Как только газеты сообщили о смерти князя Алешеньки, в полицию явилась некая мадам Куфайкина, гильдейная купчиха, особа корпулентная и краснолицая, которая потребовала выдачи ей мертвого тела. При этом она предъявила бумаги, из которых следовало, что Алексей Петрович Осорьин-Туровский, князь Рюрикович, был ни много ни мало ее венчанным мужем, а она, стало быть, его законной вдовой – Анной Терентьевной Осорьиной-Туровской. Куфайкиной же она называлась лишь потому, что это славное имя значилось на вывеске ее заведения, доставшегося ей от отца, а тому – от деда, и заведением этим была гробовая лавка.

Бумаги были в полном порядке, но кто-то из полицейских чинов не поленился – съездил на Охту и обнаружил там эту самую лавку Куфайкина с соответствующей вывеской, глазетовыми гробами, бумажными цветами и прочими погребальными принадлежностями.

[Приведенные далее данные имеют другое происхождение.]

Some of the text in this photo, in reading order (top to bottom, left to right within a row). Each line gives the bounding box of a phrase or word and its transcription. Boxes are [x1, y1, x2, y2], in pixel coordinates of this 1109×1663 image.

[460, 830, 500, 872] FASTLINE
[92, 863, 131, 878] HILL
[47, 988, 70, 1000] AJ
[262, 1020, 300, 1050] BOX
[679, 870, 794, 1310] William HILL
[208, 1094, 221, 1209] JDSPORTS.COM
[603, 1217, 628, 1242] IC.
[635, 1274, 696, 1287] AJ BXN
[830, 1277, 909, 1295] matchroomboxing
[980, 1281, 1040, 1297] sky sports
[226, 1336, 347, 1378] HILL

Мадам Куфайкина-Осорьина не понимала, чем вызвано всеобщее замешательство. Эта маленькая толстогрудая женщина расправила свои юбки, с достоинством водрузила барочное гузно на стул и, обмахиваясь черным кружевным веером, стала обстоятельно рассказывать о своем «бедном Алешеньке» и его «несчастной дочери Манечке».

Из ее повести следовало, что свел их романтический случай. Анну Терентьевну как-то вечером попытались на улице ограбить, а проходивший мимо Осорьин-Туровский при помощи трости прогнал разбойников и проводил даму до ее дома. По такому случаю она пригласила его на чай, и он согласился. Сначала он был страшно удивлен, увидев лавку с гробами, потом ни с того ни с сего стал хохотать, но вдруг остановился и сказал с каким-то странным выражением лица: «Что ж, это именно то, что мне нужно, мое место, и поделом».

Анна Терентьевна дважды побывала замужем, а потому научилась не придавать значения тому, что говорят мужчины. Поступки же Алексея Петровича были в высшей степени благородными и в каком-то смысле долгожданными: мадам Куфайкина, по ее словам, «застоялась без хозяина».

Той же ночью Осорьин-Туровский стал ее хозяином, а вскоре – «все чин чином» – отвел ее к алтарю. Анна Терентьевна была бездетна, но дочь своего хозяина приняла в сердце: Манечка была девочкой слабой, болезненной, однако милой и не капризной.